**Exercise**
Could you give back the records exactly, taking out the pictures?

**Entries provided**
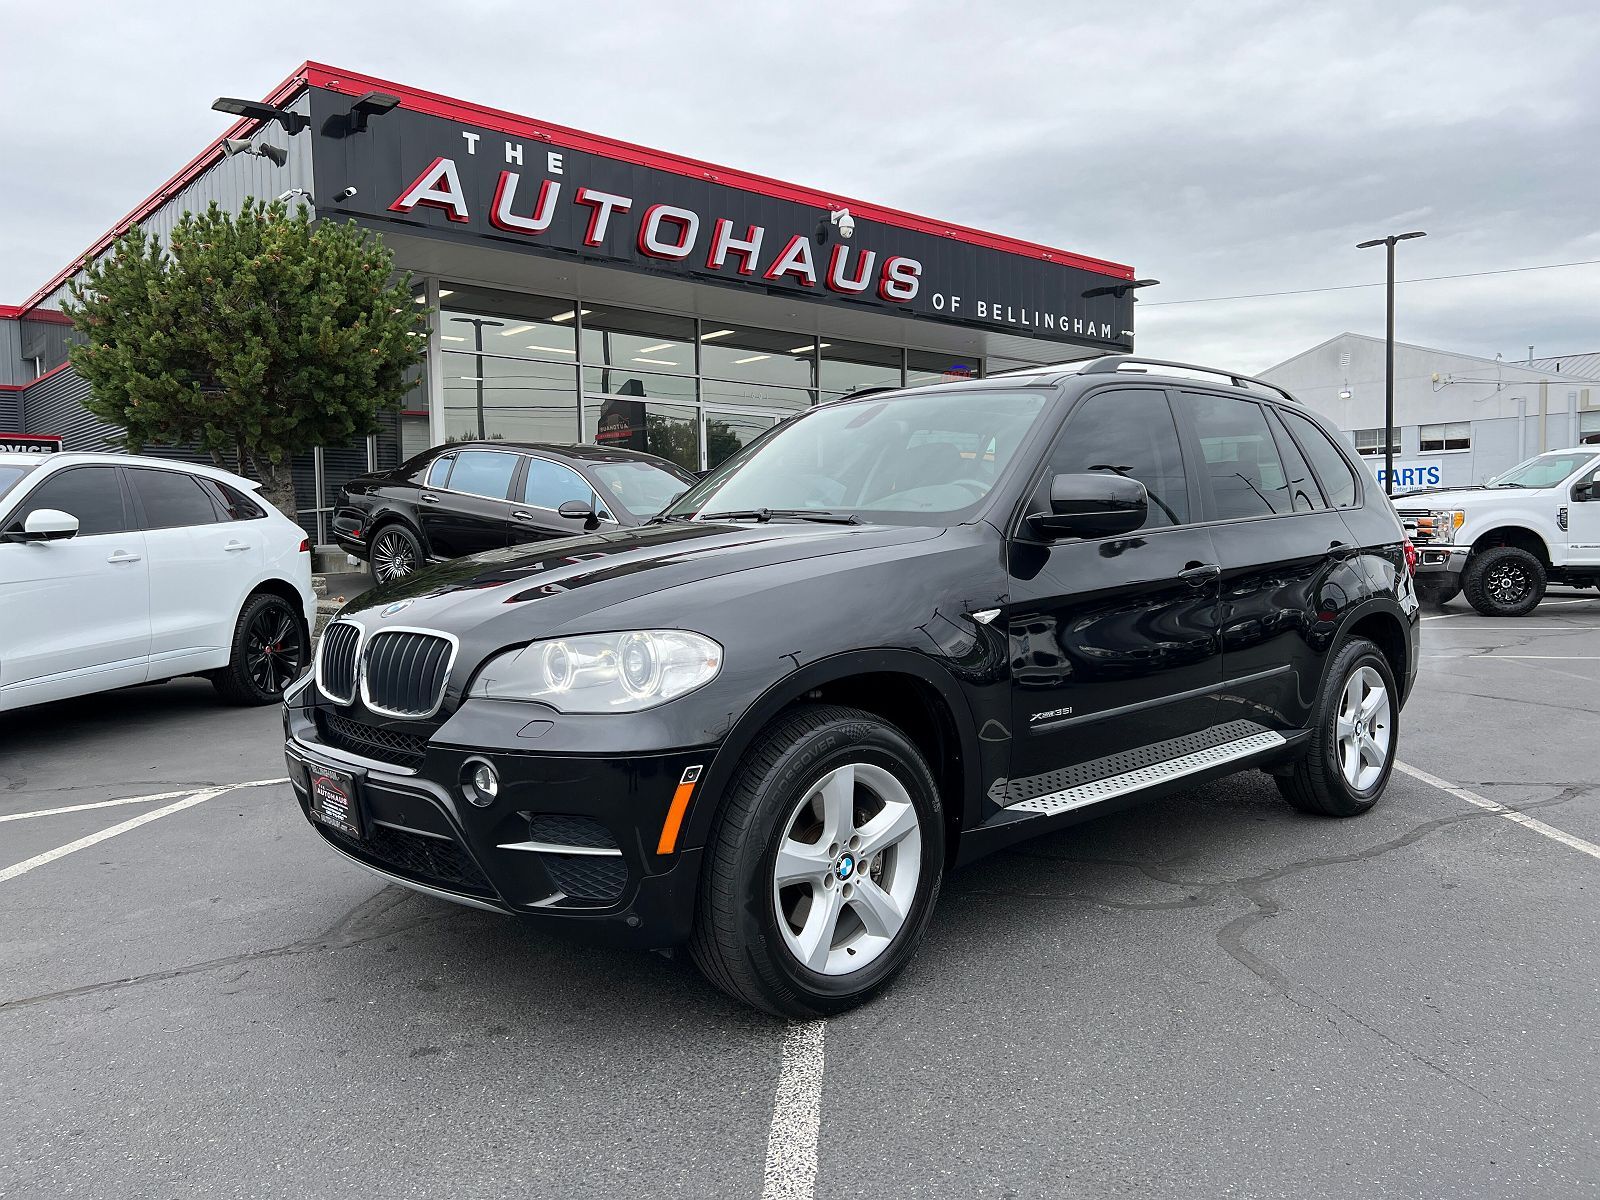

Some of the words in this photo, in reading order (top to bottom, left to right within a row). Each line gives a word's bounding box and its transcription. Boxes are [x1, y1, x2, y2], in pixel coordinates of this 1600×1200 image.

[462, 131, 563, 175] THE
[387, 156, 923, 303] AUTOHAUS
[932, 293, 961, 313] OF
[977, 301, 1111, 339] BELLINGHAM
[1377, 466, 1440, 486] PARTS

**Answer**
Some of the words in this photo, in reading order (top to bottom, left to right within a row). Each line gives a word's bounding box and its transcription. Boxes are [x1, y1, x2, y2], in pixel coordinates of this 1600×1200 image.

[462, 131, 563, 175] THE
[387, 156, 923, 303] AUTOHAUS
[932, 293, 961, 313] OF
[977, 301, 1111, 339] BELLINGHAM
[1377, 466, 1440, 486] PARTS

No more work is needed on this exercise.